Aim of the exercise — Extract, exactly as written, all lines of the material below from the line that includes "Some of the text" through its last line.

Data for this task —
-- -- --

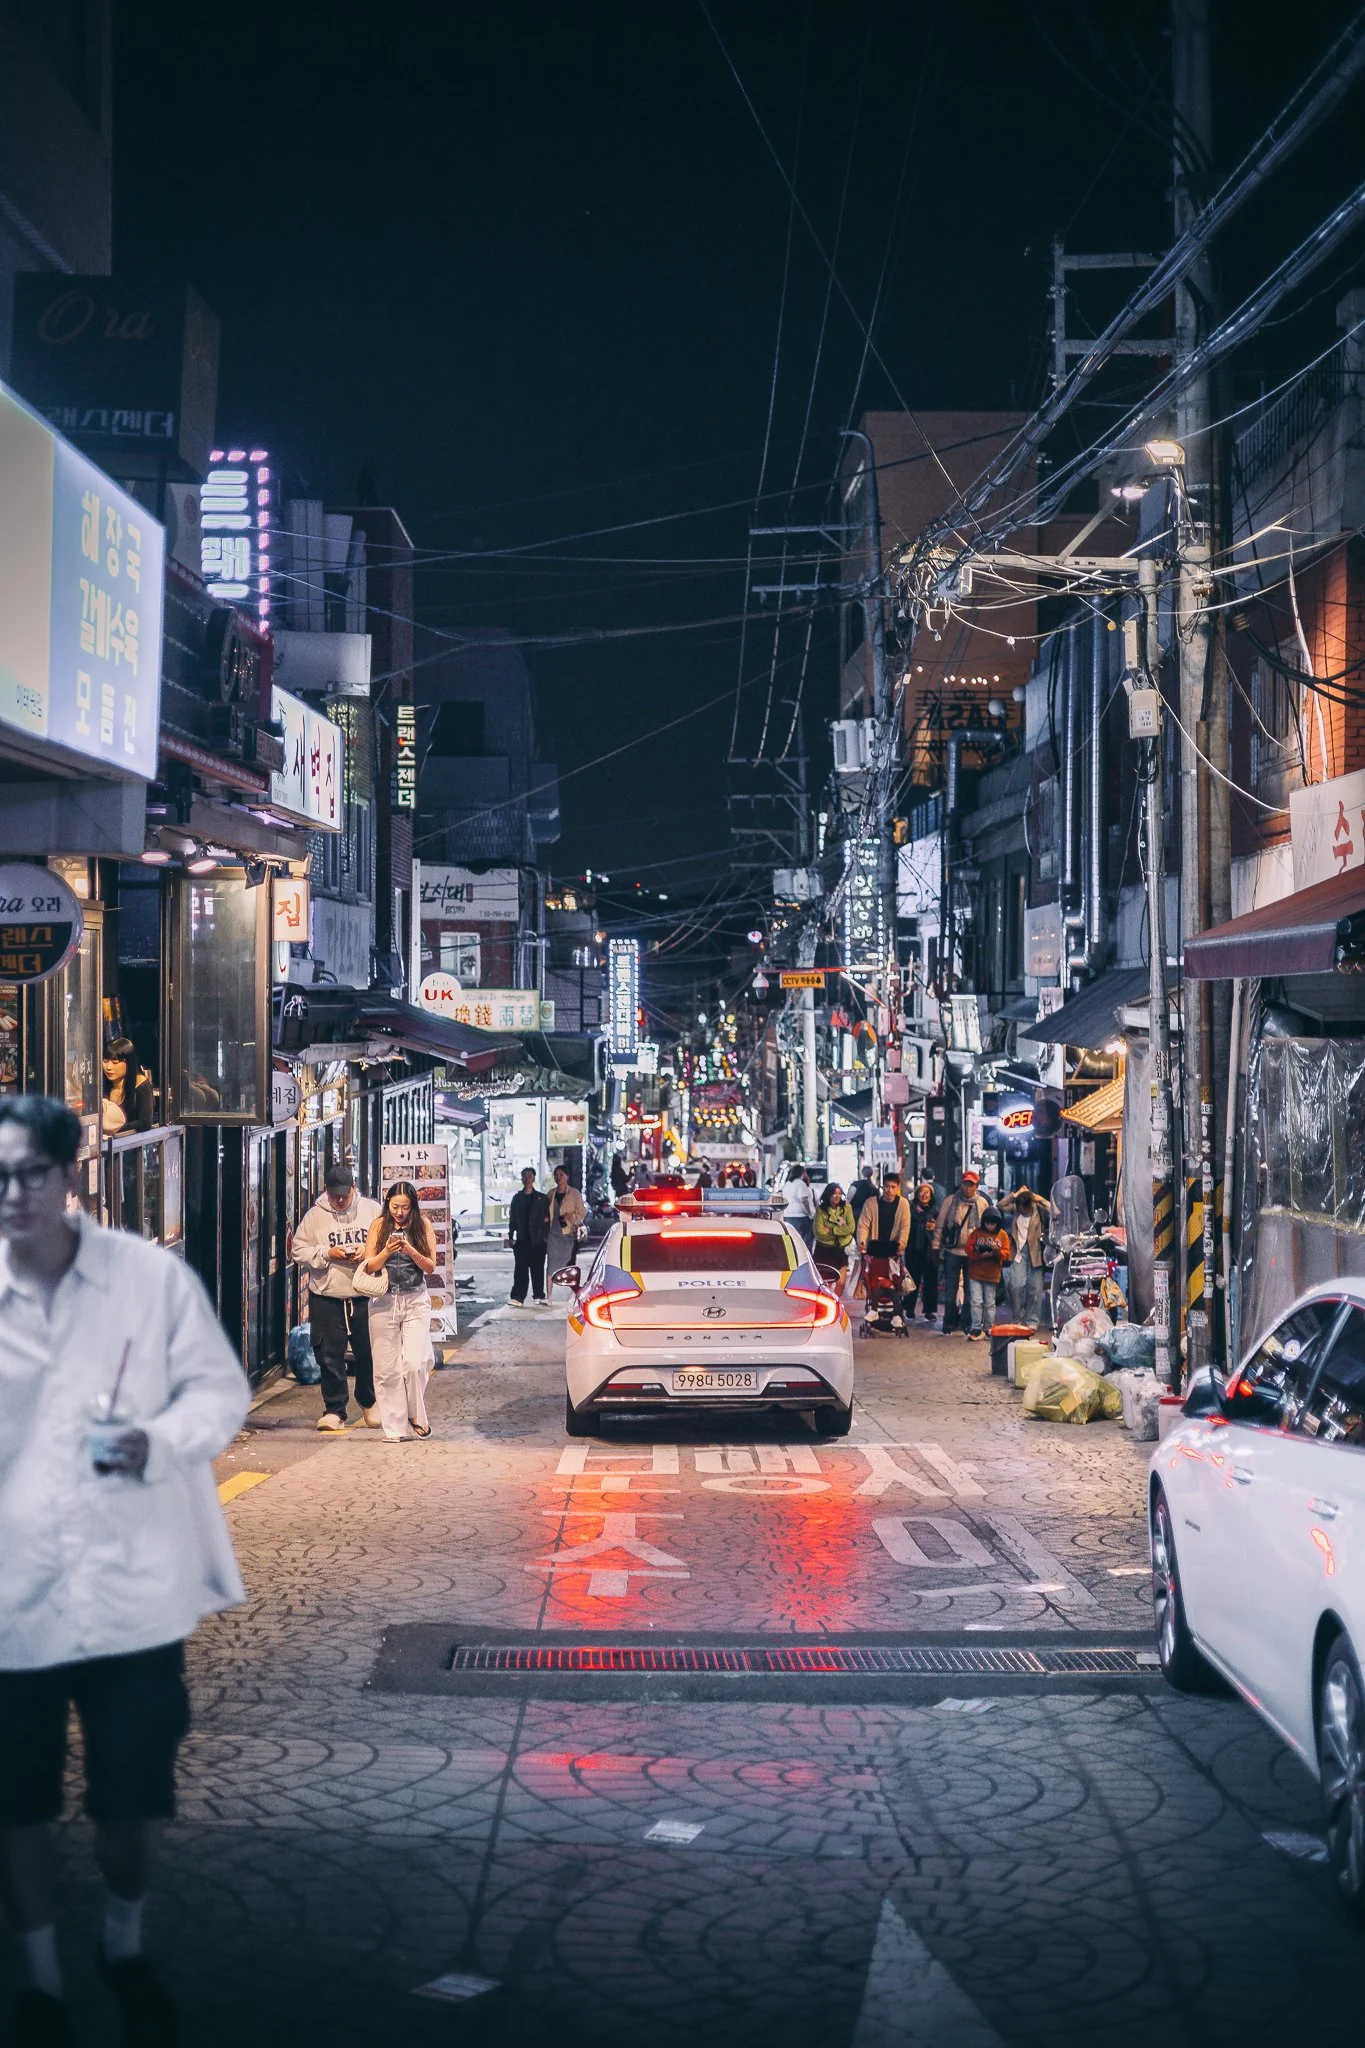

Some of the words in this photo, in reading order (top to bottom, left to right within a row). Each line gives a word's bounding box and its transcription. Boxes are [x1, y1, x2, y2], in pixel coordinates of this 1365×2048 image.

[37, 286, 154, 345] Ora
[81, 490, 141, 593] 해장국
[293, 714, 335, 818] 새벽집
[397, 705, 416, 809] 트랜스젠더
[1333, 800, 1365, 875] 수
[31, 896, 61, 913] 오라
[277, 890, 300, 927] 집
[425, 988, 453, 1000] UK
[782, 976, 799, 985] CCTV
[717, 1373, 752, 1387] 5028
[552, 1443, 988, 1498] 보행자
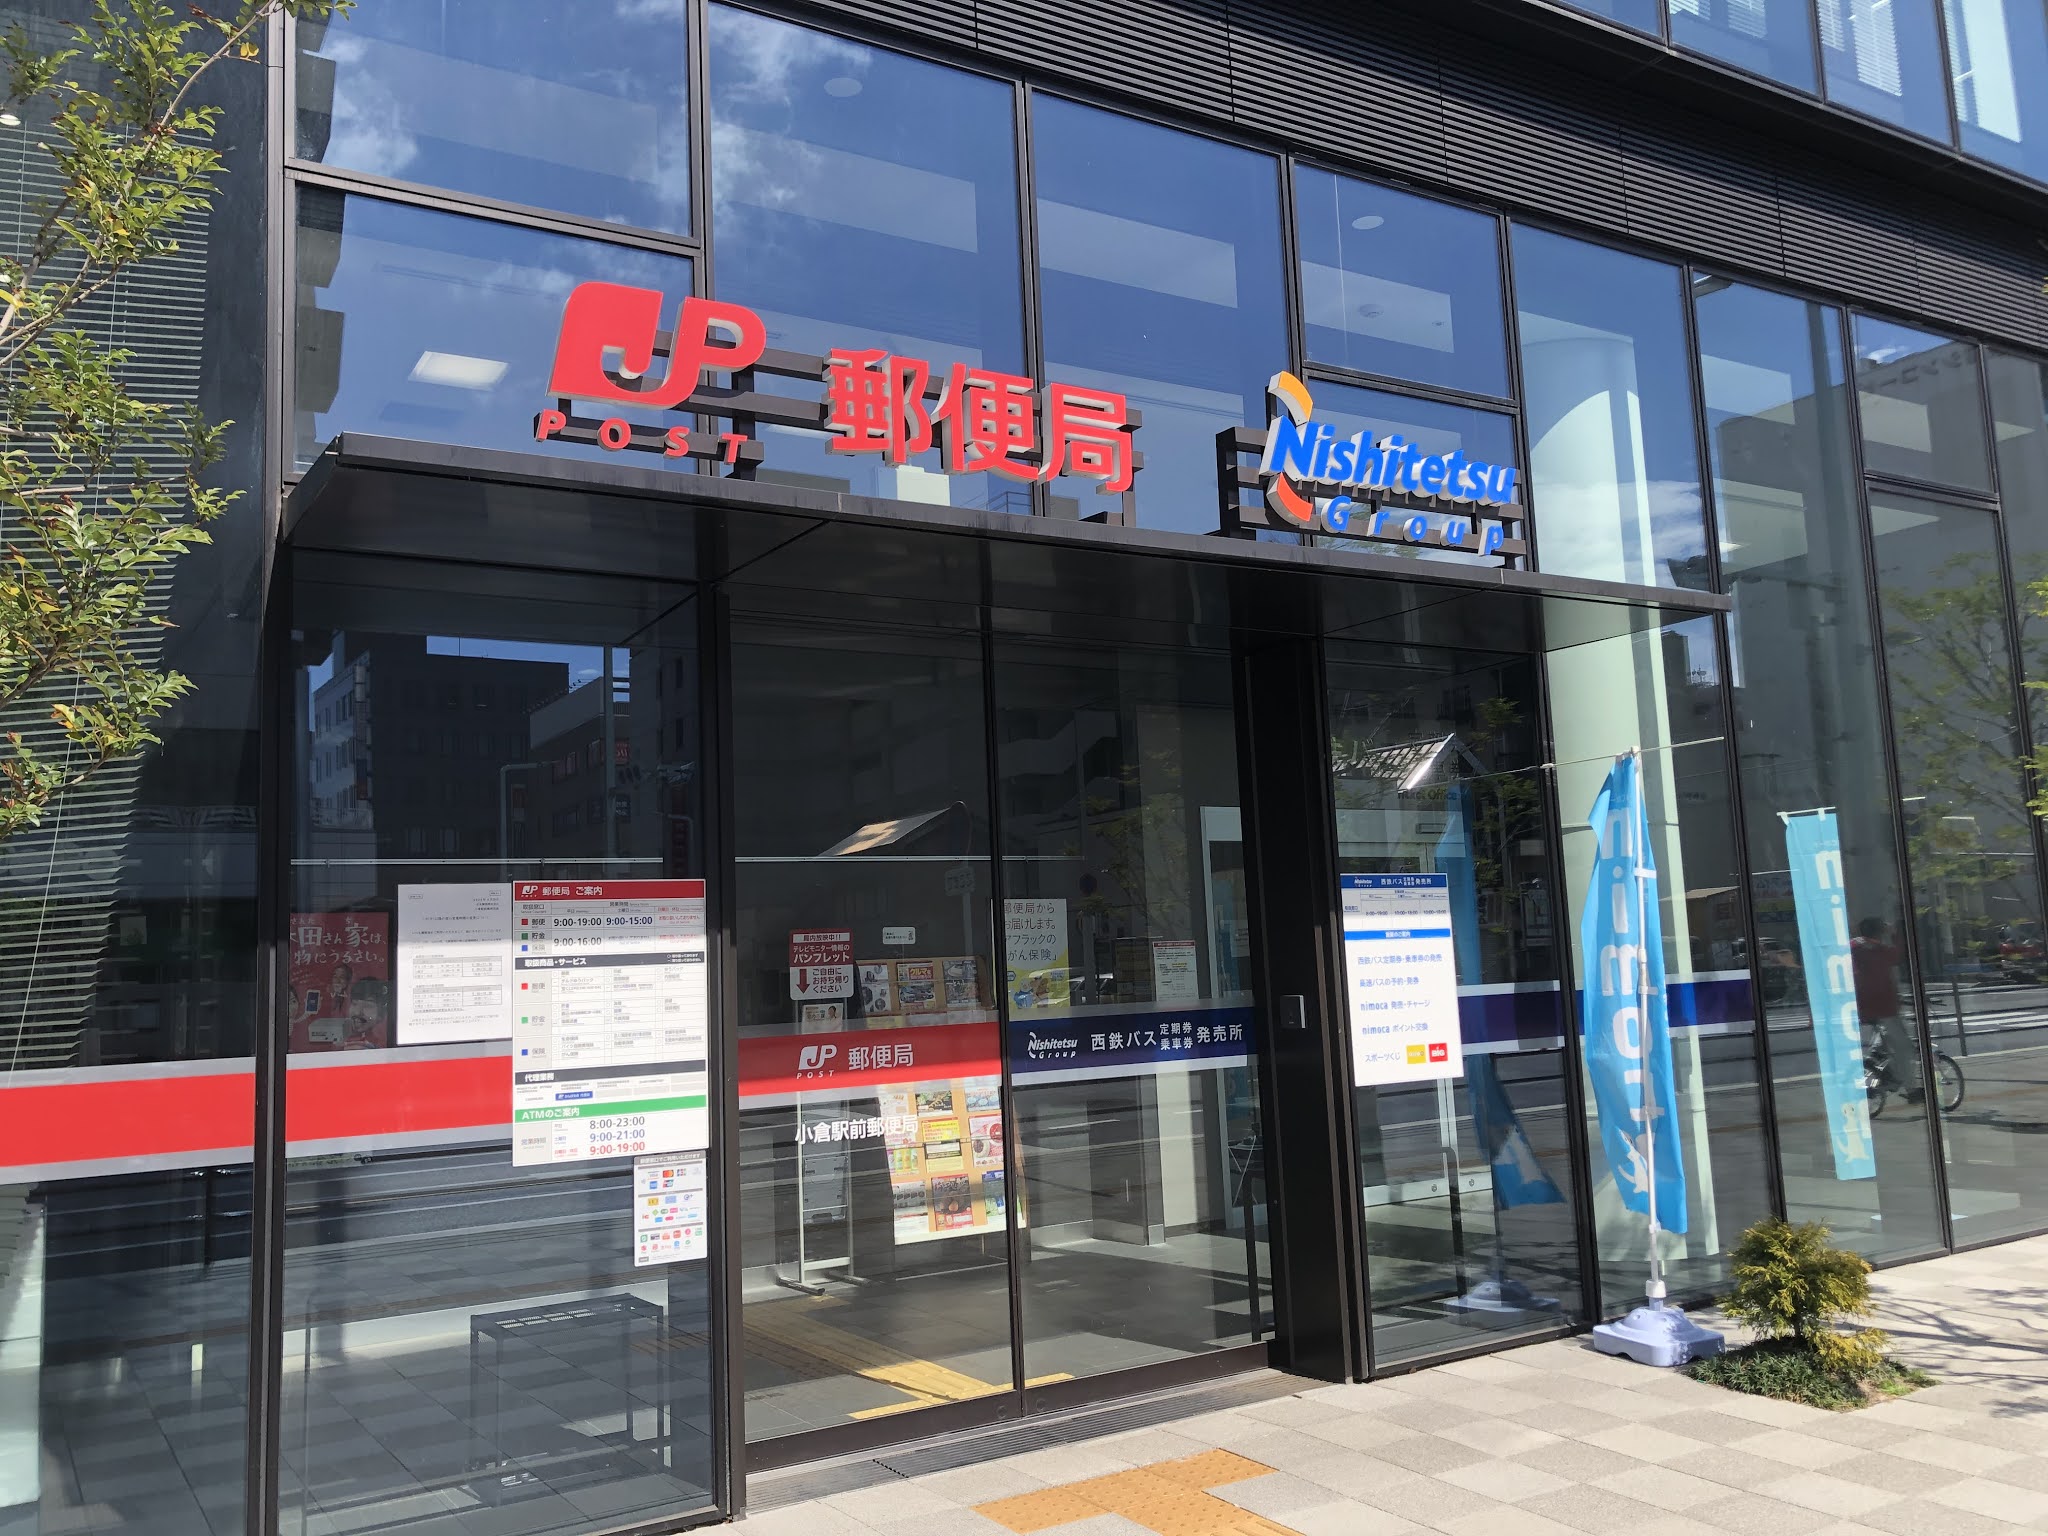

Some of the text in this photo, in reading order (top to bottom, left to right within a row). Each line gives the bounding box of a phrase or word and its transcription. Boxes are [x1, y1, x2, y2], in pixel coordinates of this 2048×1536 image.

[547, 281, 766, 408] JP
[825, 348, 1135, 495] 郵便局
[535, 408, 750, 464] POST
[1260, 415, 1517, 505] Nishitetsu
[1320, 495, 1505, 557] Group
[542, 886, 603, 896] 郵便局 ご案内
[531, 918, 546, 926] 郵便
[553, 917, 602, 927] 9:00-19:00
[606, 916, 653, 926] 9:00-15:00
[531, 932, 546, 940] 貯金
[553, 937, 602, 947] 9:00-16:00
[793, 944, 850, 953] テレビモニター情報の
[793, 952, 851, 964] パンフレット
[812, 968, 843, 976] ご自由に
[812, 975, 850, 985] お持ち帰り
[812, 984, 843, 993] ください
[1360, 1002, 1388, 1012] nimoca
[1159, 1022, 1193, 1036] 定期券
[1196, 1023, 1244, 1044] 発売所
[1362, 1022, 1429, 1035] nimoca ポイント交換
[1027, 1037, 1078, 1051] Nishitetsu
[1090, 1030, 1158, 1052] 西鉄バス
[1160, 1037, 1194, 1051] 乗車券
[798, 1044, 838, 1070] JP
[848, 1043, 914, 1071] 郵便局
[1038, 1050, 1077, 1060] Group
[796, 1069, 835, 1080] POST
[521, 1107, 580, 1120] ATMのご案内
[589, 1116, 645, 1130] 8:00-23:00
[589, 1129, 646, 1143] 9:00-21:00
[794, 1114, 919, 1146] 小倉駅前郵便局
[589, 1142, 646, 1156] 9:00-19:00

-- -- --

Answer box —
Some of the text in this photo, in reading order (top to bottom, left to right within a row). Each line gives the bounding box of a phrase or word and its transcription. Boxes are [x1, y1, x2, y2], in pixel coordinates of this 2048×1536 image.

[547, 281, 766, 408] JP
[825, 348, 1135, 495] 郵便局
[535, 408, 750, 464] POST
[1260, 415, 1517, 505] Nishitetsu
[1320, 495, 1505, 557] Group
[542, 886, 603, 896] 郵便局 ご案内
[531, 918, 546, 926] 郵便
[553, 917, 602, 927] 9:00-19:00
[606, 916, 653, 926] 9:00-15:00
[531, 932, 546, 940] 貯金
[553, 937, 602, 947] 9:00-16:00
[793, 944, 850, 953] テレビモニター情報の
[793, 952, 851, 964] パンフレット
[812, 968, 843, 976] ご自由に
[812, 975, 850, 985] お持ち帰り
[812, 984, 843, 993] ください
[1360, 1002, 1388, 1012] nimoca
[1159, 1022, 1193, 1036] 定期券
[1196, 1023, 1244, 1044] 発売所
[1362, 1022, 1429, 1035] nimoca ポイント交換
[1027, 1037, 1078, 1051] Nishitetsu
[1090, 1030, 1158, 1052] 西鉄バス
[1160, 1037, 1194, 1051] 乗車券
[798, 1044, 838, 1070] JP
[848, 1043, 914, 1071] 郵便局
[1038, 1050, 1077, 1060] Group
[796, 1069, 835, 1080] POST
[521, 1107, 580, 1120] ATMのご案内
[589, 1116, 645, 1130] 8:00-23:00
[589, 1129, 646, 1143] 9:00-21:00
[794, 1114, 919, 1146] 小倉駅前郵便局
[589, 1142, 646, 1156] 9:00-19:00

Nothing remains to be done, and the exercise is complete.